Le futur du Moyen-Âge
Le duo de réalisateurs franco-lituanien nous revient avec une dystopie étouffante, somptueusement filmée et portée par une toute jeune actrice sidérante. Avec le film Vesper Chronicles, bienvenue dans le Moyen-Âge de notre futur.
La Terre est morte ou du moins survit à peine. A la suite de manipulations génétiques, elle est devenue quasiment stérile. Les Terriens sont divisés en deux sociétés. Les uns, les moins nombreux, vivent somptueusement dans des Citadelles inaccessibles alors que le commun des mortels habite dans des campagnes désolées où plus rien ne pousse. En échange d’un produit précieux que leur fournit cette nouvelle plèbe, les messagers des Citadelles donnent des graines qui ne germeront qu’une fois. Dans une improbable masure, la toute jeune Vesper soigne comme elle peut son père grabataire qui ne communique avec elle qu’à l’aide d’un drone. Mais voilà, Vesper a beaucoup lu et en particulier des livres sur la génétique. Devenue une bio-hackeuse redoutable, elle va finir par craquer un code de ces funestes graines. C’est alors que s’abat non loin de chez elle un vaisseau en provenance d’une Citadelle. A l’intérieur une jeune femme dotée de mystérieux pouvoirs…

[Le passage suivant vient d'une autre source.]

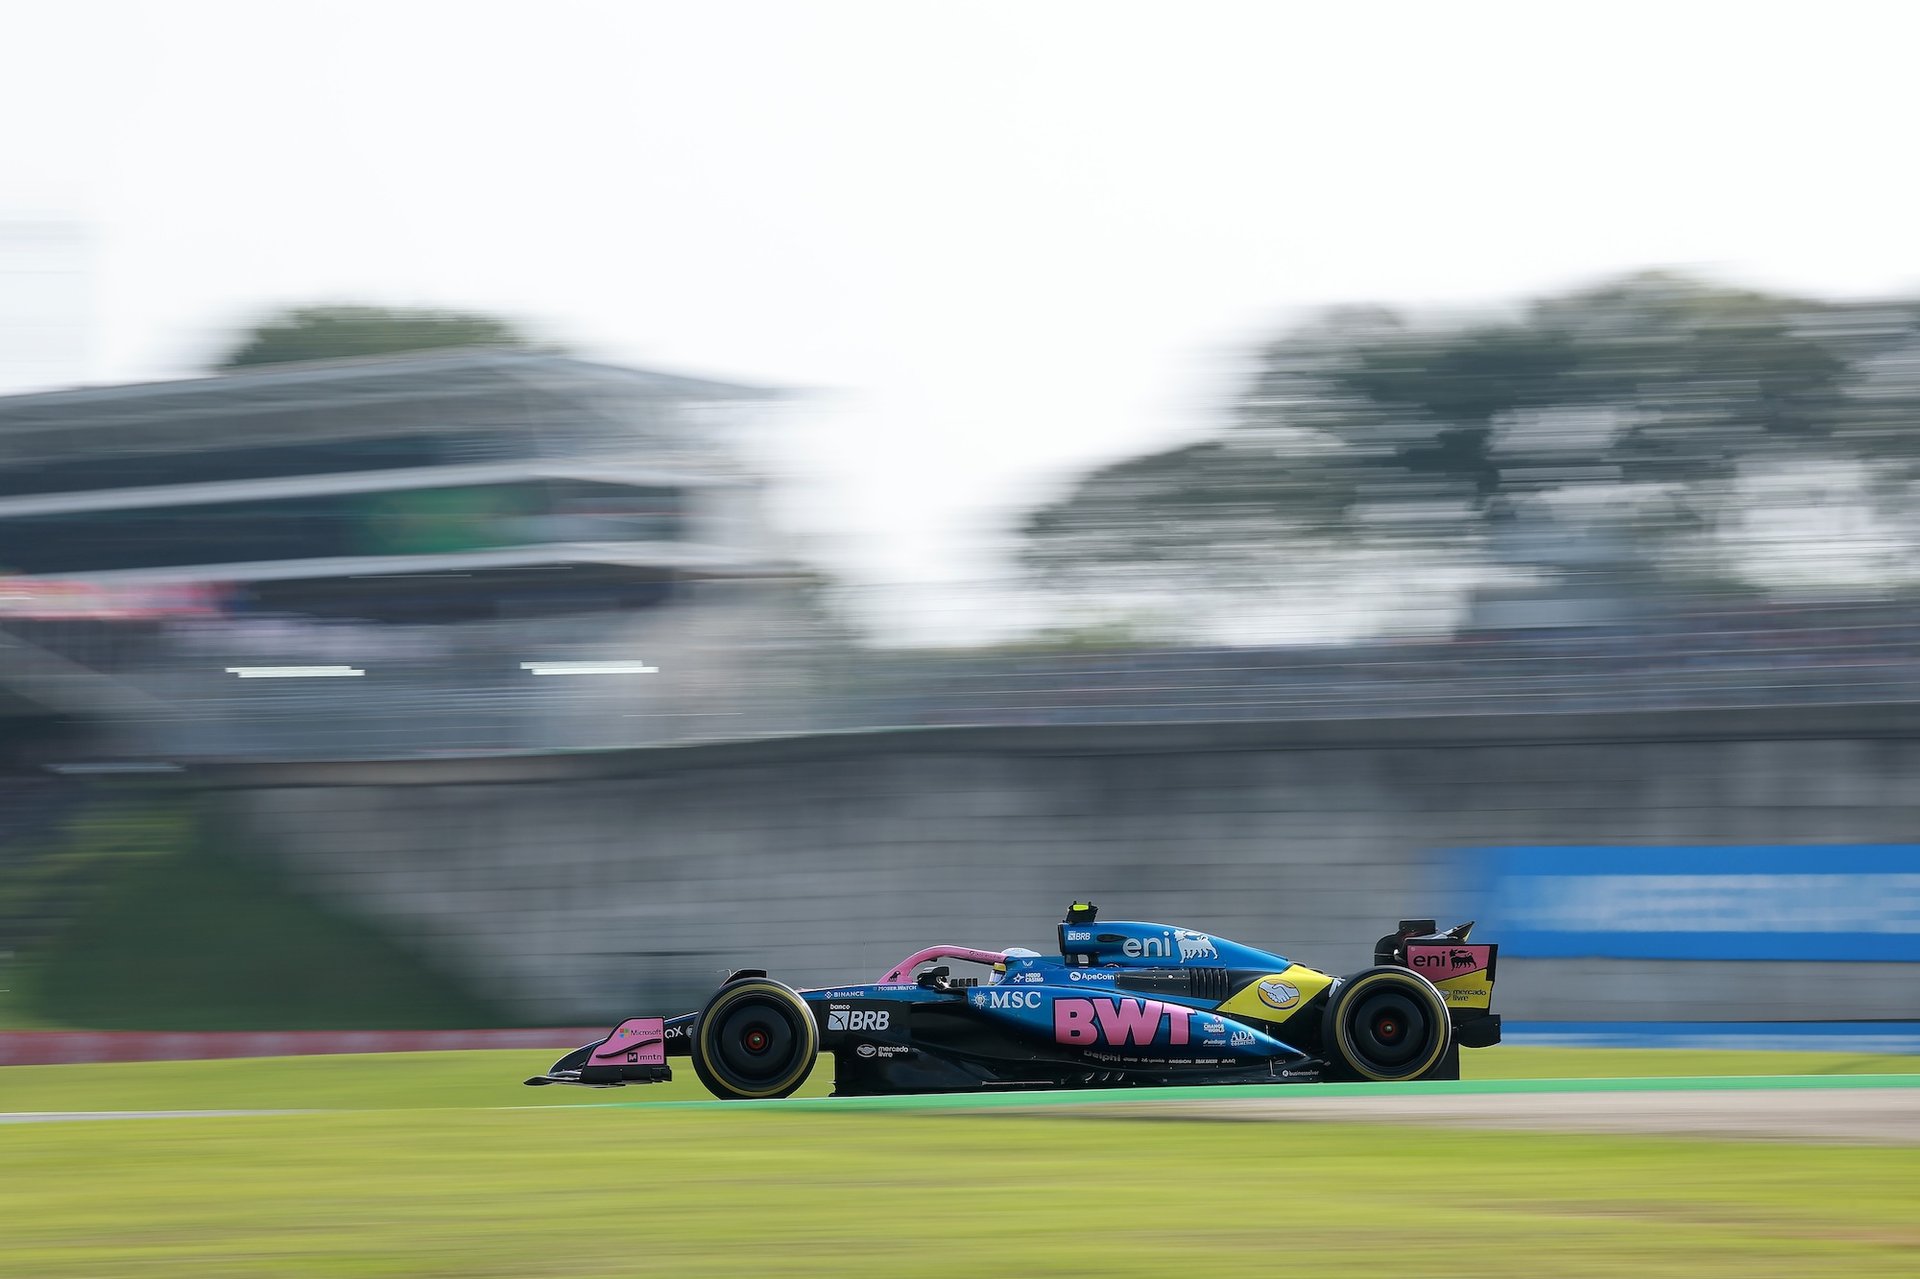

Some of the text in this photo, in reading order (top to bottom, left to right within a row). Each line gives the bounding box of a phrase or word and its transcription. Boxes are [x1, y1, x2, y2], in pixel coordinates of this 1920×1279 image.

Nous sommes carrément dans la sf mais non dans un blockbuster avec effets spéciaux toutes les deux secondes. Le scénario nous plonge dans une dystopie, le contraire d’une utopie, dans laquelle la violence, la fracture sociale, la crasse et la peur creusent leurs sillons infernaux. Malgré un budget plus que limité, ce film captive de bout en bout. Plusieurs raisons à cela. Tout d’abord une image qui semble ignorer la couleur mais somptueusement éclairée, faisant maintes fois penser à Rembrandt et Vermeer (excusez du peu !), une mise en scène conjuguant des rythmes décalés donnant au récit un côté « humain » troublant, une direction d’acteur millimétrée achève, sur une BO d’une noirceur insondable, de nous plonger dans les méandres nauséeux d’un avenir que la situation actuelle de notre planète ne nous donne plus la possibilité d’ignorer. Le film est porté par la toute jeune Raffiella Chapman, troublante héroïne de ce qui pourrait être le premier volet d’une saga. C’est elle Vesper dont elle trace un portrait d’une infinie subtilité, tout à la fois éprise de liberté et d’avenir meilleur, mais aussi en quête d’amour familial.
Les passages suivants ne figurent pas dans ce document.